MORROW Insights | Blending Human Touch and Algorithmic Generative Design for Urban Master Plans

As algorithms are increasingly used for many processes these days as we digitalise, will the human element be gradually replaced? Even as MORROW Technology — a company set up by MORROW Architects & Planners focusing on technological developments in urban planning tools — prepares to unveil the MORROW Parametric Urban Design (MPUD) Tool, it appears that the human touch is still very much essential.

Urban Planning and Design in the Context of “Digitalisation of Everything”

Creating a good master plan for township and city development requires passionate and highly-experienced planners who are valued for their time-honoured professional expertise and skills. With each master planning project being unique and context-specific, digitalising and automating everything in the scope of work for planners remains an unconvincing need.

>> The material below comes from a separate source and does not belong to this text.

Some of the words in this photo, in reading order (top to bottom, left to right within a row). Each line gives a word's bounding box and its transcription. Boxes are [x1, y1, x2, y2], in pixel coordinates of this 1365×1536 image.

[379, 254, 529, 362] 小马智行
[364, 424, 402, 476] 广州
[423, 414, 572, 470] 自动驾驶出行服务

In the digital economy, on the other hand, businesses have become more impatient when it comes to seeing performance outcomes. The same applies to the work of planners and urban designers. Hence, there has been pressure on the profession to respond to the time-pressure factor on the commercial side of things.

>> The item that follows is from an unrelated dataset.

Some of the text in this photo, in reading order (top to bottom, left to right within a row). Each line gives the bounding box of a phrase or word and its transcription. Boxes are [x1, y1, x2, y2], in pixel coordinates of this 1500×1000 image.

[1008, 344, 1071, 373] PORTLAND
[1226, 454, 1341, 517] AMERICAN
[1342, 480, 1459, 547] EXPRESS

Image: Apps that improve productivity are increasingly common in this digital era (Credits: ThisisEngineering, Unsplash)

Unravelling the dilemma

To date, there have already been some digital tools developed in an attempt to assist planners and urban designers. They range from common computational drafting tools — which have been widely used in practice — to the ambitious Artificial Intelligence (AI) application to auto-generate urban forms. However, the latter is still at the infancy stage of technological development and has yet to gain enough trust from professionals, governments, clients and the public at large for such computational tools to design large-scale urban environments.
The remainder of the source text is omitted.